Only, nobody really lives there. At night, the building is nearly pitch-dark despite the fact that most of the units have been sold.

The story of who bought these apartments and why reveals the complex dynamics of a tectonic economic shift that is creating a bumper crop of billionaires in the Third World as the austerity-strapped First World stagnates. This year, Forbes magazine’s annual list of billionaires included the first recorded in Angola, Nepal, Swaziland and Vietnam. Japan, once second in the number of billionaires, has been left behind by Russia and China. Europe long boasted the most billionaires after the U.S. but the Asia-Pacific region has taken off and may soon leave Europe in the dust. Today it is home to 386 10-figure fortunes (a decade ago, there were only 61). The world’s wealthiest person is a Mexican telecom mogul, Carlos Slim.

Vanity Fair reports that many of the apartments at One Hyde Park are owned by people who don’t want their identities revealed, people who hide behind the names of odd-sounding corporations registered in tax havens like the Cayman Islands. Others are Russian oligarchs, Chinese moguls and a Nigerian telecom tycoon. Rinat Akhmetov, the Ukraine’s 16 Billion Dollar Man, is a typical buyer. Attracted to London’s lax regulation and weak enforcement of things financial, these plutocrats are looking to protect their stratospheric fortunes and hedge against unpleasantries that might develop at home.
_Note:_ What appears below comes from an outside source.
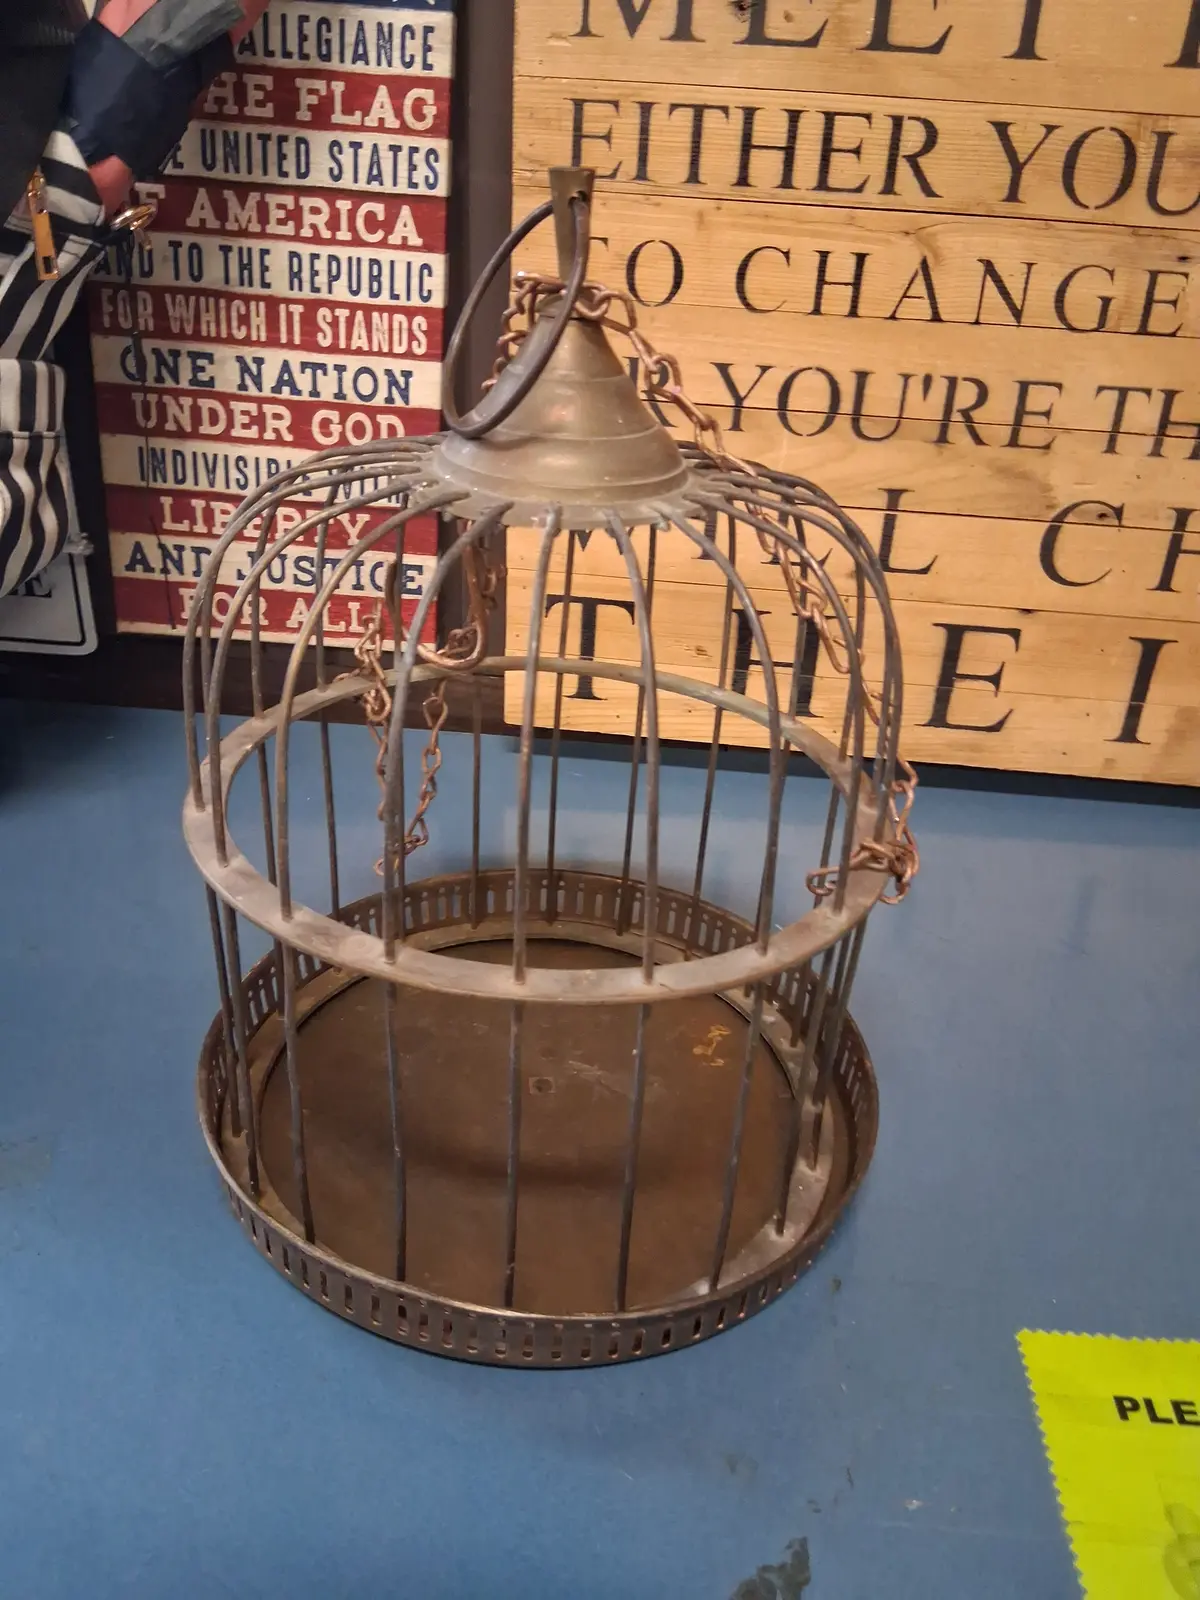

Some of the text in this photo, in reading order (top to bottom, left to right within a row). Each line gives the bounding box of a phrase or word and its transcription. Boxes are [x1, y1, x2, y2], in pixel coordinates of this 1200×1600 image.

What appears to be a story of real estate is really a tale of offshore financing and a new class of global elites creating the ultimate gated community. As Britain and other First World countries sink into the mire of austerity, a tsunami of unfettered capitalism is spreading over the Third World and the BRIC countries (Brazil, Russia, India and China). Headlong capitalist growth tends to create instability and a growing trend of authoritarianism. Many of the new elites are living under semi-dictatorial regimes, and they need safe havens in the event of a collapsed government or a dictator who decides to give them the boot. They require real estate as insurance against economic catastrophe.

You might call them the Billionaire Doomsday Preppers. Preparing for an economic or political collapse of the world as we know it is no longer reserved for paranoids living in flyover states who stockpile canned goods. The new 1 percenters are worried about a day of reckoning, too, and they're scouring the globe for places to stash cash and putting their trust in First World security in the increasingly likely event of Third World meltdown. Big money has got a bug-out plan.

These survivalists are also turning their attention to New York: The daughter of Dmitry Rybolovlev, a Russian potash fertilizer mogul, recently snapped up the penthouse at 15 Central Park West for a jaw-dropping $88 million. Miami is another popular choice, a favorite of Brazilian barons. The New York Times reports that economically distressed First World cities like Milan and Dublin will join the roster of “core European targets” for the new plutocrats.

Political and business elites in the U.K. and the U.S. have helped create global economic instability and continue to push for austerity-driven policies that hold down growth at home. But, as always, it’s the population that gets to live with it. The new wave of 1 percenters are driving up the price of real estate in the most desirable neighborhoods, edging out middle-class and upper-middle-class residents. If you see the price of your favorite restaurant meal in Manhattan going up, you can thank the Ukrainian plutocrat next door. Or wherever he is. The rates for high-end services like personal trainers and housekeepers will likely increase. (Escorts, too, probably.) Whatever the freshly-minted rich want more of, everyone else will pay more for.

For the Billionaires Survivalist Club, there’s no place like home, someplace else.